REQUIRED ACTION - Could you output every record below exactly as it appears?

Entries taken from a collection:

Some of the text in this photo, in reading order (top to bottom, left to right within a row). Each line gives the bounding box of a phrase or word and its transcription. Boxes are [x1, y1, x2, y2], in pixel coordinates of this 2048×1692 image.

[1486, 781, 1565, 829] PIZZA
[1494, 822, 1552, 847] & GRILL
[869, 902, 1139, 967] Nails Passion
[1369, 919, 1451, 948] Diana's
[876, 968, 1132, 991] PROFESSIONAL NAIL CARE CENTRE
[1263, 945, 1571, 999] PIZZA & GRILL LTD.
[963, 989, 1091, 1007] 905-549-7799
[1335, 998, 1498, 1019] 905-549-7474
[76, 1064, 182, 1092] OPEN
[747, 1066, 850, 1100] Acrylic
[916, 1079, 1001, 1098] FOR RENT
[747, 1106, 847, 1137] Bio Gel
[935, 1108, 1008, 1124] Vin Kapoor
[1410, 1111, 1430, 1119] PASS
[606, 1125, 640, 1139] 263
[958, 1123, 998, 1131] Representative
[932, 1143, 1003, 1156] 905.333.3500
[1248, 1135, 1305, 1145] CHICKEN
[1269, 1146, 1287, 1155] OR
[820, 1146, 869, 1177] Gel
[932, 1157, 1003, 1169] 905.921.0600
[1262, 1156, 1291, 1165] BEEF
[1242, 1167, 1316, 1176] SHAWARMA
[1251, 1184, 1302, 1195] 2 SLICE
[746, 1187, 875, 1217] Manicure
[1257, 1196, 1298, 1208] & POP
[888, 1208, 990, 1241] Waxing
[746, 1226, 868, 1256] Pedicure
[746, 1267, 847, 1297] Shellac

RESULT FOR THIS EXERCISE -
Some of the text in this photo, in reading order (top to bottom, left to right within a row). Each line gives the bounding box of a phrase or word and its transcription. Boxes are [x1, y1, x2, y2], in pixel coordinates of this 2048×1692 image.

[1486, 781, 1565, 829] PIZZA
[1494, 822, 1552, 847] & GRILL
[869, 902, 1139, 967] Nails Passion
[1369, 919, 1451, 948] Diana's
[876, 968, 1132, 991] PROFESSIONAL NAIL CARE CENTRE
[1263, 945, 1571, 999] PIZZA & GRILL LTD.
[963, 989, 1091, 1007] 905-549-7799
[1335, 998, 1498, 1019] 905-549-7474
[76, 1064, 182, 1092] OPEN
[747, 1066, 850, 1100] Acrylic
[916, 1079, 1001, 1098] FOR RENT
[747, 1106, 847, 1137] Bio Gel
[935, 1108, 1008, 1124] Vin Kapoor
[1410, 1111, 1430, 1119] PASS
[606, 1125, 640, 1139] 263
[958, 1123, 998, 1131] Representative
[932, 1143, 1003, 1156] 905.333.3500
[1248, 1135, 1305, 1145] CHICKEN
[1269, 1146, 1287, 1155] OR
[820, 1146, 869, 1177] Gel
[932, 1157, 1003, 1169] 905.921.0600
[1262, 1156, 1291, 1165] BEEF
[1242, 1167, 1316, 1176] SHAWARMA
[1251, 1184, 1302, 1195] 2 SLICE
[746, 1187, 875, 1217] Manicure
[1257, 1196, 1298, 1208] & POP
[888, 1208, 990, 1241] Waxing
[746, 1226, 868, 1256] Pedicure
[746, 1267, 847, 1297] Shellac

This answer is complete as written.